Interestingly, the bullets were neatly stacked in carefully arranged
rows in a couple of old Sierra bullet boxes. In other words, they weren't just
thrown loose into the container like ordinary bullets but stacked in orderly
rows, one on top of the other like so many miniature soup cans in the super
market. After previously talking to Rick about how much care he takes when he
makes his bullets, I instantly knew exactly why he packed them the way he did.
He just didn’t want any of those beautiful bullets to pick up any accuracy
robbing nicks or other imperfections while rattling around loose in a box. Bet
you thought I was kidding when I said he was obsessed.

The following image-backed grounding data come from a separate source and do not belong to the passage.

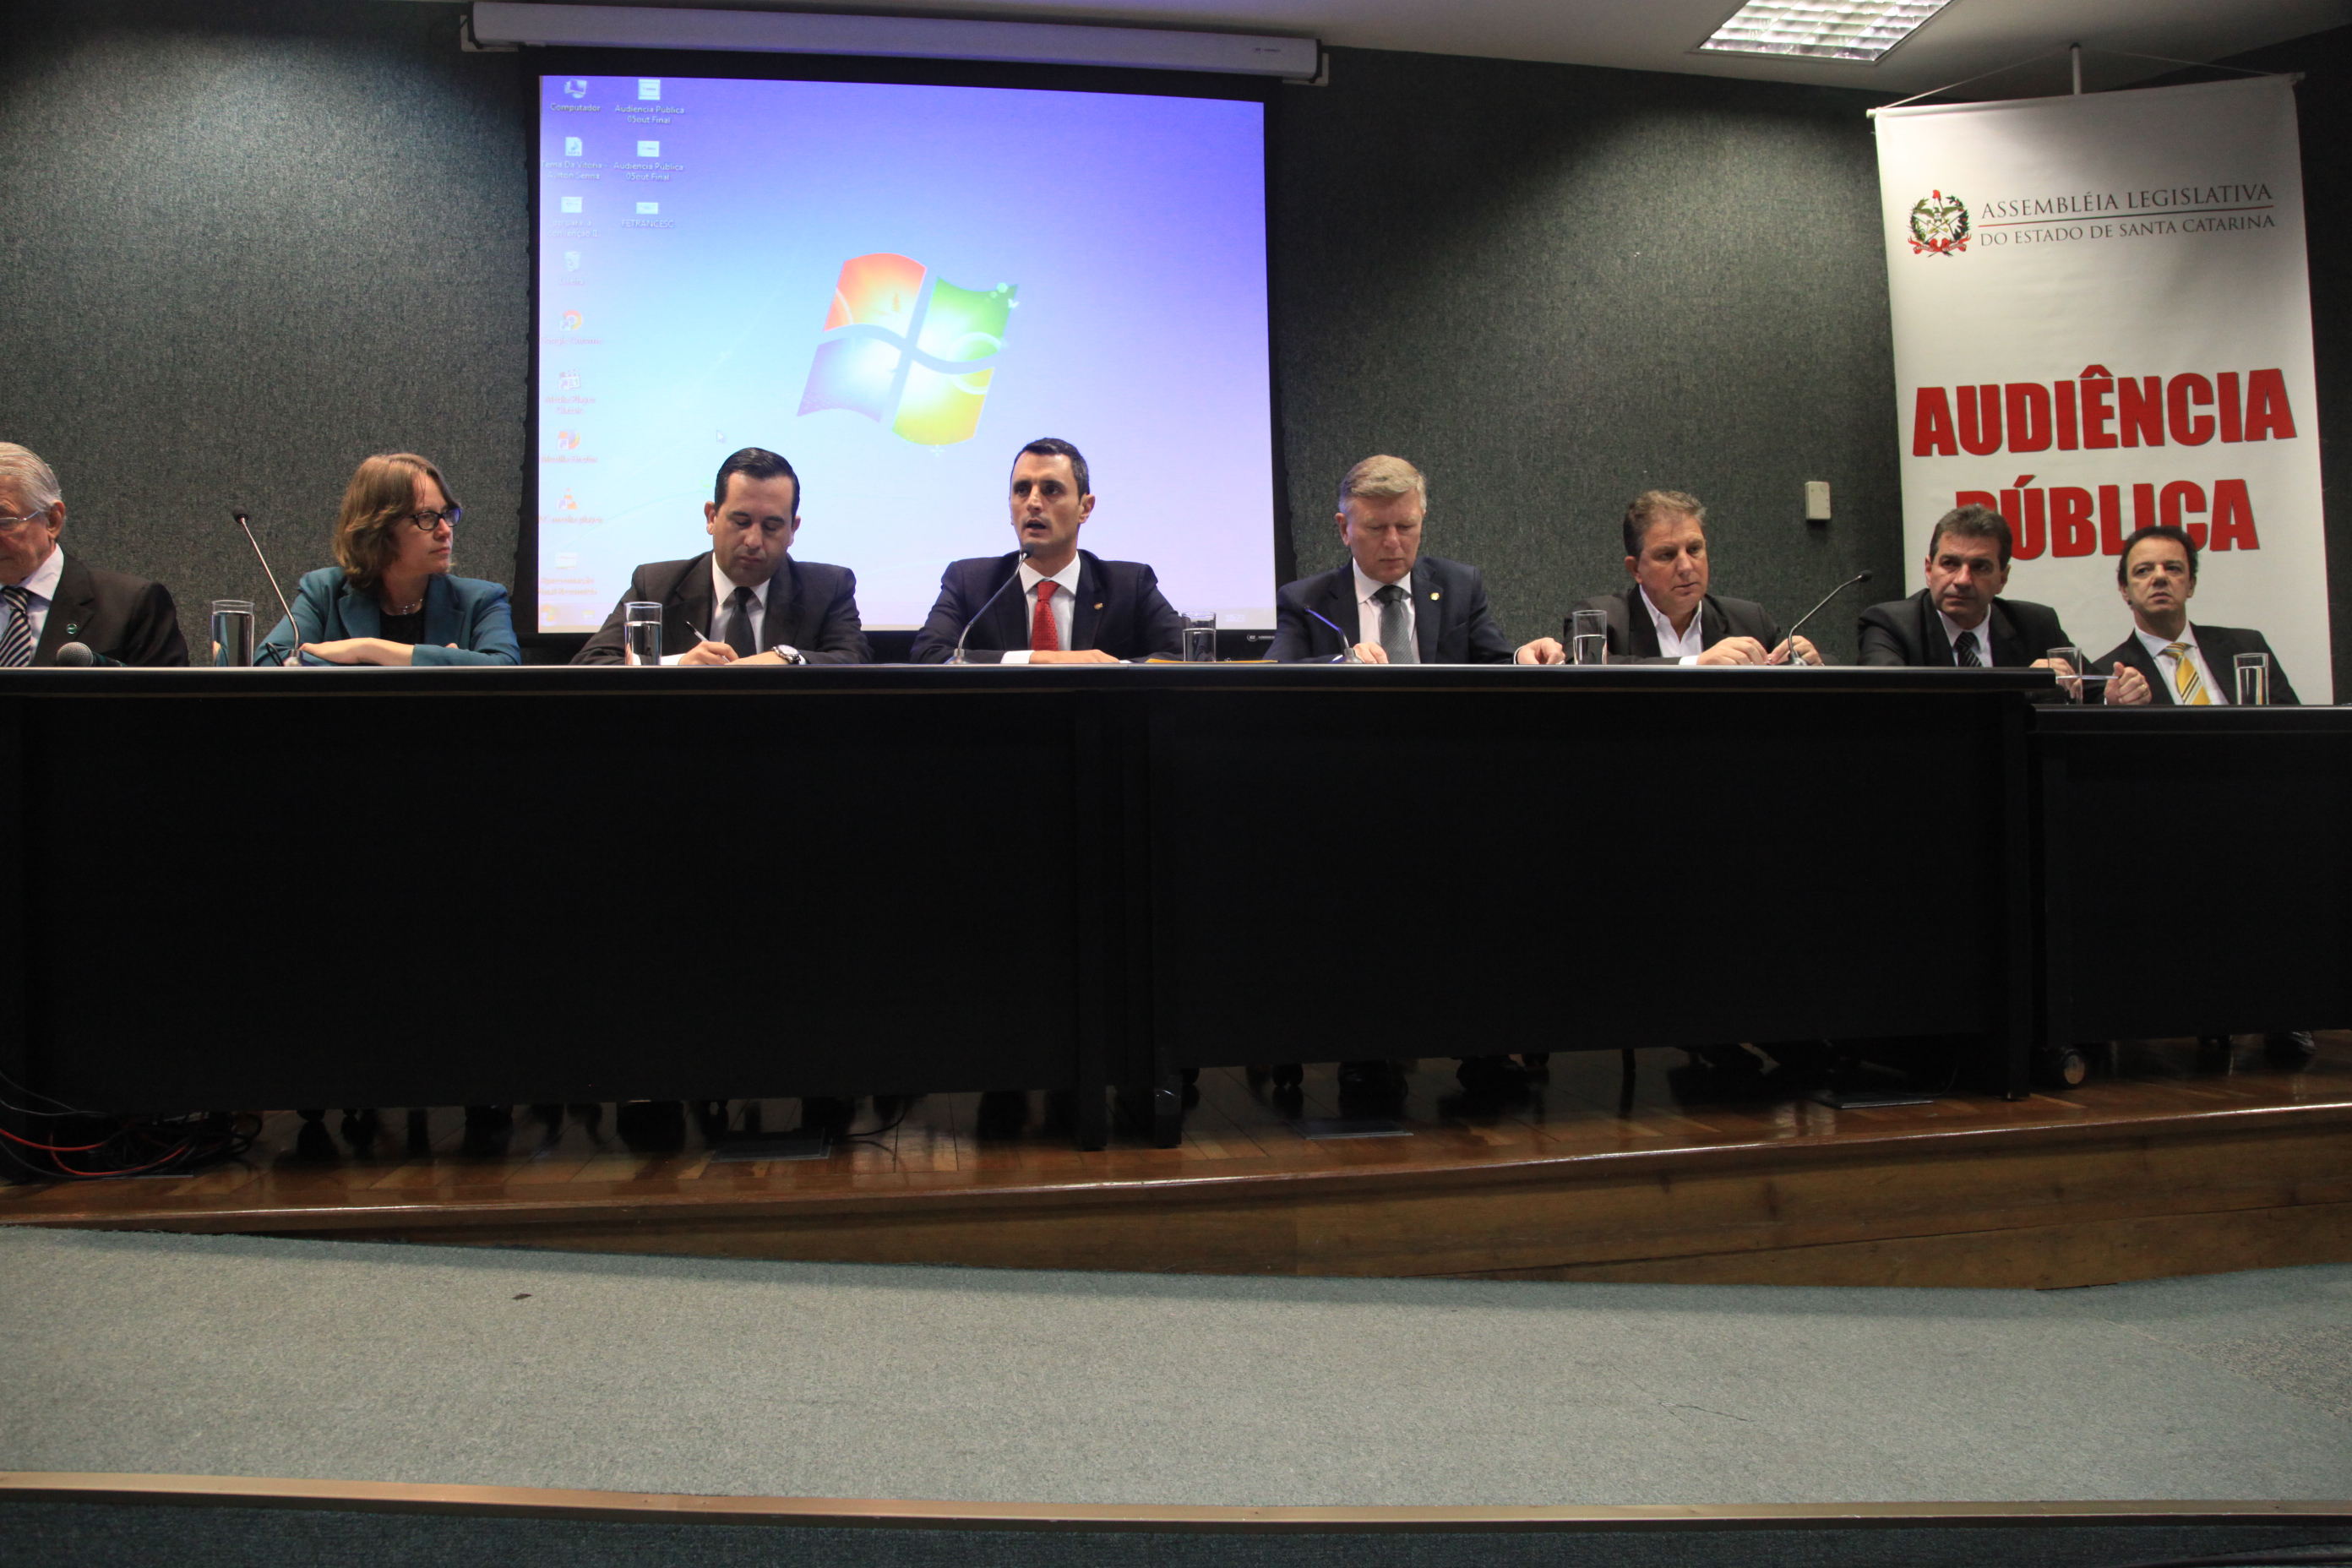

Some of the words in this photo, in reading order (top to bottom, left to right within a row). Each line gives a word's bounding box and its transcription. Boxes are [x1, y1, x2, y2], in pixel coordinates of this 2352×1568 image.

[550, 102, 601, 113] Computador
[651, 115, 671, 124] Final
[564, 160, 575, 168] Da
[575, 171, 601, 179] Senna
[651, 172, 670, 181] Final
[1980, 191, 2119, 220] ASSEMBLÉIA
[2127, 183, 2273, 210] LEGISLATIVA
[621, 219, 674, 228] FETRANCESC
[1980, 232, 2007, 247] DO
[2015, 226, 2083, 244] ESTADO
[2090, 225, 2114, 239] DE
[2120, 220, 2176, 237] SANTA
[2182, 215, 2276, 233] CATARINA
[1913, 364, 2297, 457] AUDIÊNCIA
[1955, 474, 2261, 560] ÚBLICA

OK. So let’s first talk about how Rick makes his bullets. First you’ve
got to have good metal. In the past, Rick used straight linotype. However, while
accuracy was very good, he was experiencing a fair number of perplexing ringers
- even with good, solid hits. Since the mold being used was the excellent RCBS
200 grain 35 caliber rifle bullet, there shouldn’t have been any problem at all
in taking down the steel animals. Obviously, this became a very frustrating
situation. Then one day, he had an inspiration. He took one of the linotype
bullets, stood it nose up on a hard surface and whacked it with a large hammer
to simulate a hit on a steel ram. Rick said it shattered like a piece of
pottery! He was totally dumbfounded at the result. That was something he
definitely didn’t expect. He then took a couple of other bullets and gave them
the same treatment and got identical results. The lino was brittle and was
breaking up when it hit the steel animals and not delivering its full momentum
onto the targets.
That’s when he switched to wheel weights. So what’s the difference?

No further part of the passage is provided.